Exercise material
━━━━━━━━━━

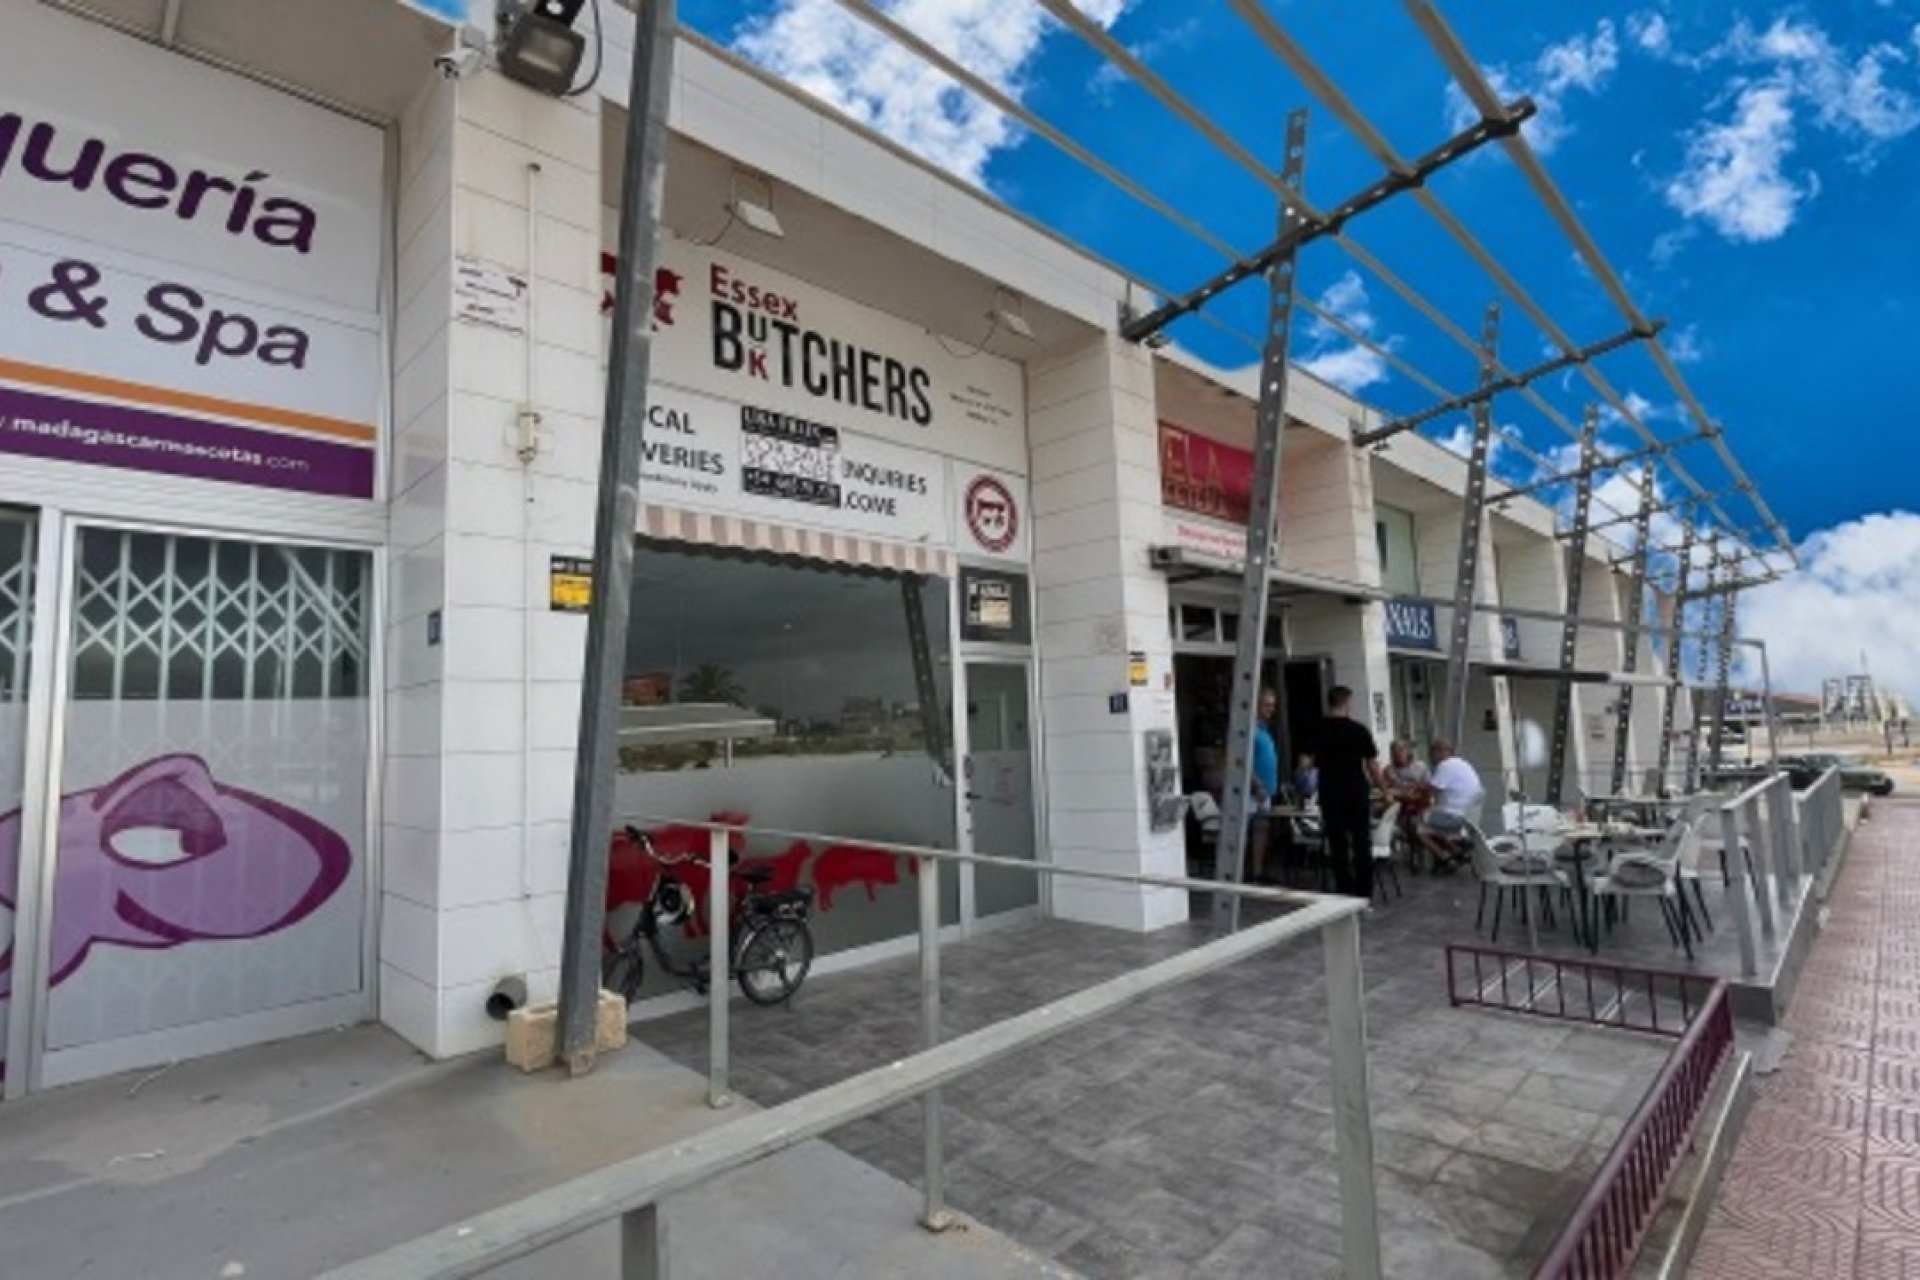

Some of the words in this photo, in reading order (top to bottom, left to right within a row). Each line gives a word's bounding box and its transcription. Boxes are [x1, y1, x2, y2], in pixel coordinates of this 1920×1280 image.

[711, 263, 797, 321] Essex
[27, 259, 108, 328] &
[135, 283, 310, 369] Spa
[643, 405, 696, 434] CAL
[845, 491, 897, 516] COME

━━━━━━━━━━

What is needed
The records above, minus their pictures, are to be returned word for word.

Answer to this problem
Some of the words in this photo, in reading order (top to bottom, left to right within a row). Each line gives a word's bounding box and its transcription. Boxes are [x1, y1, x2, y2], in pixel coordinates of this 1920×1280 image.

[711, 263, 797, 321] Essex
[27, 259, 108, 328] &
[135, 283, 310, 369] Spa
[643, 405, 696, 434] CAL
[845, 491, 897, 516] COME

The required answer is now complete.